The show was a way to cultivate a more personal relationship with the people at home who support them, but support does not only come from fans. It comes from other creatives too. They wanted to give back to the community that helped them become the people and artists they are today. On Impostor Syndrome, they feature artists from the Bay like the Union City singer, Kiyomi and the Oakland producer Samplelov. They also used this release to support the artists who are integral to the music scene in the Bay, like Ovrkast. and Lancer Deker.
“We didn’t really have stuff like this growing up,” Baby Boy said. “When we do stuff like this at other shows, people always tell us, ‘seeing you guys do this makes me feel like I can do this as well,’ and that’s how we felt watching other groups.”
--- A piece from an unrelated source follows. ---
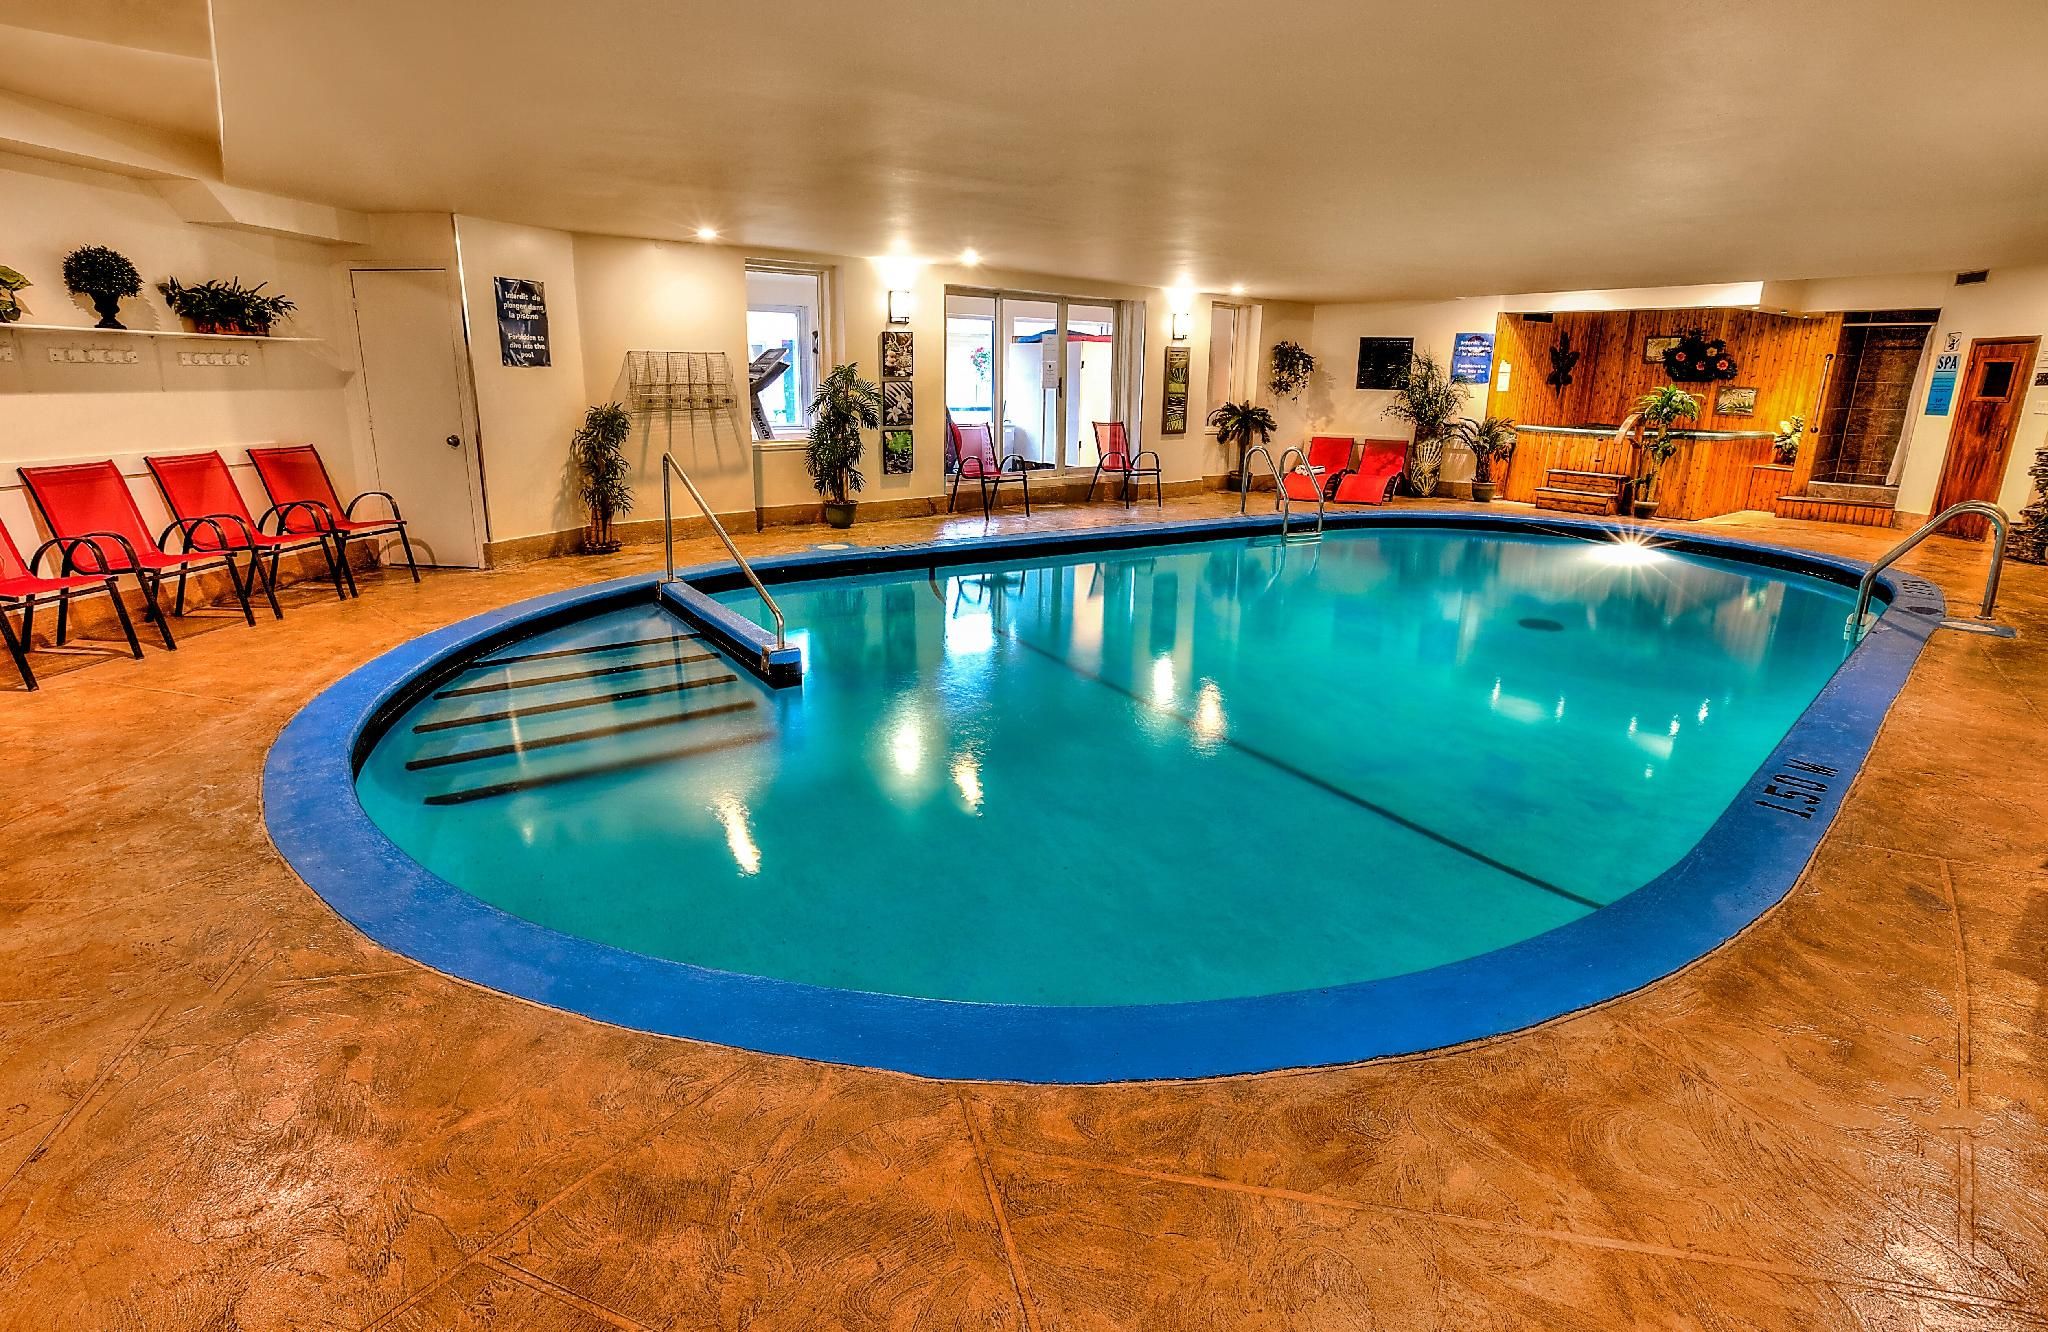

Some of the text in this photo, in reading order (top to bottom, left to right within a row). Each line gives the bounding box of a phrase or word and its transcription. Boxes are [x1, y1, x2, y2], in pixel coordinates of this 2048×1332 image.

This album expresses the difficult feelings of making strides in their career when some people in your life are still in the place they came from. They are expressing feelings like they don’t belong or are worthy of the levels of success they are reaching and getting through these complicated emotions. “Sometimes I feel guilty,” Baby Boy said. “We have this house, and we do all of this stuff, and my mom still lives in the same house we lived in growing up. I want to be able to do this stuff, but it’s rough to think, ‘I’m out here, and I’m comfortable, and I can send money back, but I want to change the situation.’”
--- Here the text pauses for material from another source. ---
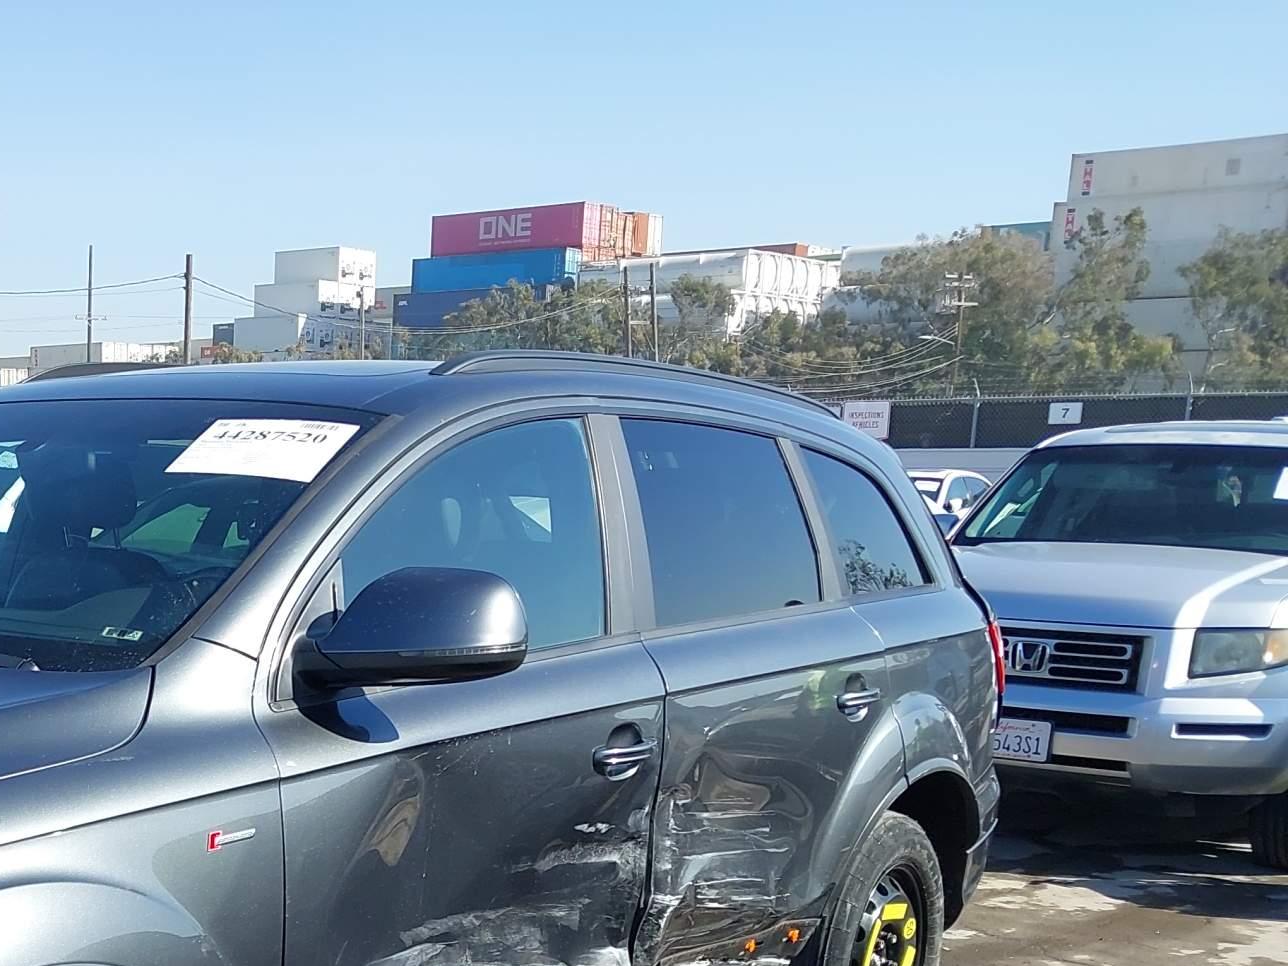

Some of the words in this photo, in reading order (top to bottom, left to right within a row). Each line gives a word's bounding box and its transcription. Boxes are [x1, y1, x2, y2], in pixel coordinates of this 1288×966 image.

[479, 212, 532, 240] ONE
[1061, 407, 1071, 418] 7
[212, 429, 328, 446] 44287520
“Imposter syndrome sucks,” Baby Boy reflected. “But the album’s good!” Many of the songs on the album they performed that night for the first time. The night was filled with highs and lows, much like the album. There was even an impromptu dance party to the song “Long Division.” They got to experiment and express all of the feelings they were experiencing while being 22, dealing with wins and losses, all while reaching monumental points in their career.
The start of their career can be defined by their number one song on Apple Music, “Memphis,” They always wanted to ensure that their artistry wouldn’t be pigeonholed to one sound or expectation of themselves. Hence the album that came after that Fuck Your Expectations. “We hit this point last year, where we were burnt,” Jody explained.
Each of their projects reflects where their life is at the recording time, like anything. “Like Halfway Off the Porch,” we were here, then we were jumping off,” Jody started. “FYE was when we first got noticed, and we were like, ‘fuck your expectations, let us do what we want, please.’ And now Impostor Syndrome is like we’ve been doing what we want a little bit now we’re starting to feel like once people realize what it is we’re truly doing, we’re going to get found out because we’re not what people thought we were.”
This project lets the listeners see how AG Club has perfected their sound. In all of their projects, there is genre-blending, combining more upbeat hip-hop raging songs accompanying the more emotional that allows for more vulnerability. At the show, Jody broke down, reminiscing on the loss of his father before going into the song “Mary,” after scaling the balcony above the crowd, performing “Mr. Put It On,” from the same album.
“I feel like on this new project, we have doubled down on that,” Jody began. “I think we’re slowly starting to perfect that. That is kind of the way we embody the whole avant-garde thing.”
Jody and Baby Boy showed their gratitude for the community, which allowed them to become the artist they are today. They are reaching back to pull other creatives forward with them. When they first started, so much of their career took place during the height of the pandemic. Now they can see the people who love and support them through a phone screen and in real life.
“I feel like it’s important for us to do stuff like this so we can remind ourselves that there are real people that care about us and like and appreciate what we’re doing,” Jody said. “If we see them, then it doesn’t really matter what else is going on. It doesn’t matter if we feel like the internet is not fucking with us or whatever. There are real people. They count, and they matter, and that’s reason enough to keep going.”